Maggie (The Daughter)


   
ME, MOM, AND SARAH (pre-mortem)
MUSEUM OF THE CITY OF NEW YORK


 


    Hi, my name is Maggie and I am 8 years old.  I live in a rear tenement apartment on Chrystie Street.  I live with my mom, dad, and brother.  My baby sister died when she was four in 1896 of Tuberculosis when it spread through all the tenements.

    My house is small and we are so crowded.  One room is hardly enough for all four of us.  I never get any sleep.  There is only one bed in our home and dad snores so loudly when he passes out, Mom cries, and Johnny sneaks in and out so I can never sleep.

    On top of that, mom wakes me up at 5:00 am every day and depending on whether it is a weekend or a weekday, I go to bed at 11:00 PM or 10:00 PM respectively.  I was in school until third grade but when I couldn’t handle home labor and school work, mom decided that it was more important that I contribute to the family profit than to have an education.  Even though the compulsory education law states that I have to be in school at least until I am 14 years old, they can’t force mom to put me back in school, especially since now I have missed third grade three times.
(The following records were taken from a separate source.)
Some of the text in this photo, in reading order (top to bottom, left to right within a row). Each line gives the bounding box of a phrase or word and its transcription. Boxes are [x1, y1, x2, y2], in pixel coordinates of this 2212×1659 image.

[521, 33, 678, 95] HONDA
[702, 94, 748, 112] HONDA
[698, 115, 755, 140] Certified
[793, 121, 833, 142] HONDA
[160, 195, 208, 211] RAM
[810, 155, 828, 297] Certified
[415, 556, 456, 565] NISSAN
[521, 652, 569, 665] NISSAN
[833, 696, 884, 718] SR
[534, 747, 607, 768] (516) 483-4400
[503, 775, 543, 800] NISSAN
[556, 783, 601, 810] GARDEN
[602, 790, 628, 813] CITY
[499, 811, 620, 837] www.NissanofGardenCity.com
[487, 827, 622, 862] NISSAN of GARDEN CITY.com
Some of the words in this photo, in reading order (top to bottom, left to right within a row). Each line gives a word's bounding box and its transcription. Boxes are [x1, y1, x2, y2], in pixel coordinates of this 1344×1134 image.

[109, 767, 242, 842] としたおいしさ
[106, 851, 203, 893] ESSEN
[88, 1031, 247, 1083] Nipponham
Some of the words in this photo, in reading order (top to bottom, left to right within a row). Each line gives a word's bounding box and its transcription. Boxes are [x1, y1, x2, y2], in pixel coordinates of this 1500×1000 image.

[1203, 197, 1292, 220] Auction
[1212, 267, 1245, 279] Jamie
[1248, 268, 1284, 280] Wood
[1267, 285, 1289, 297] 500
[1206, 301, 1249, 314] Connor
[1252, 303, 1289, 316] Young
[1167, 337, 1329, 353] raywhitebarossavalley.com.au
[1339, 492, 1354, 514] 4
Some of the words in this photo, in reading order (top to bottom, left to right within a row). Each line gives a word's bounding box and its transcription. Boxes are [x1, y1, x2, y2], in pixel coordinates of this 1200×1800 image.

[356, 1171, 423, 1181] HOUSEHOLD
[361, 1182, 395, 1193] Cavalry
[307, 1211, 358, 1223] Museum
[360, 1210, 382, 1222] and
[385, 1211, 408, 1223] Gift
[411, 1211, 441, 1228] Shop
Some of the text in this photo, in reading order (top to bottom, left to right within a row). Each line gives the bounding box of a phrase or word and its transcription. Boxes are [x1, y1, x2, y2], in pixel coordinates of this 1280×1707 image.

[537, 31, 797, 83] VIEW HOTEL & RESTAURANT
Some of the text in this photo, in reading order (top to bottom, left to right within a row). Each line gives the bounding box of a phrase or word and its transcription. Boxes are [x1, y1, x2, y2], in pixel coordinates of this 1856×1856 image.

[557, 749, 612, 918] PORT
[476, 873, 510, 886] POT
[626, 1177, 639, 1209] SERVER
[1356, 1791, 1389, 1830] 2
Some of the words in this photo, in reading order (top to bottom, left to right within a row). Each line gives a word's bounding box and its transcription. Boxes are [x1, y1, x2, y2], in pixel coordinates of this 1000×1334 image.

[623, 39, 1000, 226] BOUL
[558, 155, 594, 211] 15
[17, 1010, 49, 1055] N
    Mom tells me that I can not talk about the fact that she keeps me home to work because we are not licensed and if mentioned around the relief society men we could get in trouble.  I don’t understand what it means, maybe mom can explain it to you better.  The work we do at home is to sew black satin lining into very nice men’s overcoats.  On a good week I can make $1.04 alone, and on a bad week, I make as little as $ 0.50.  During the days, I am either sitting down, working straight through the day or I am running coats that we can’t finish over to our neighbor’s house so that they can contribute.  Mom always looks so upset when we have to do that.  If I work straight through the days for many days at a time my eyes start to hurt and I loose my attention very quickly.  The worst part is that my fingers start to bleed and since the house is so dirty and musty, they get infected all the time.  One time it got so bad that we couldn’t hide the swelling from the Relief Aid Society inspector and he called a doctor who told mom that I had to stop working until I healed.  Mom denied that there was any labor going on in the house and sent him away and instead soaked my fingers in salt and hot water and sent me to work again an hour later.  We are lucky to be making overcoats instead of artificial flowers or cigars, because at night we use the coats as blankets.  In 1896, when the TB disease swept through the tenements, we sent one of the coats to our neighbors to help to finish the lining.  When mom went to get it back, she found it around our neighbor’s sick son.  She grabbed the coat and brought it back to the house.  That night Sarah was cold so mom covered her with the coat and she caught TB.  She died four months later.  She was five, and she was valuable to our family income.  At age three, mom had her paying attention for 2 hours at a time.  Well the inspectors came and had us burn all the coats in the house.

    It is so hard to be a child and live here in the slums.  It’s so dirty, and dark, I never get to see the light of day and I never get to play.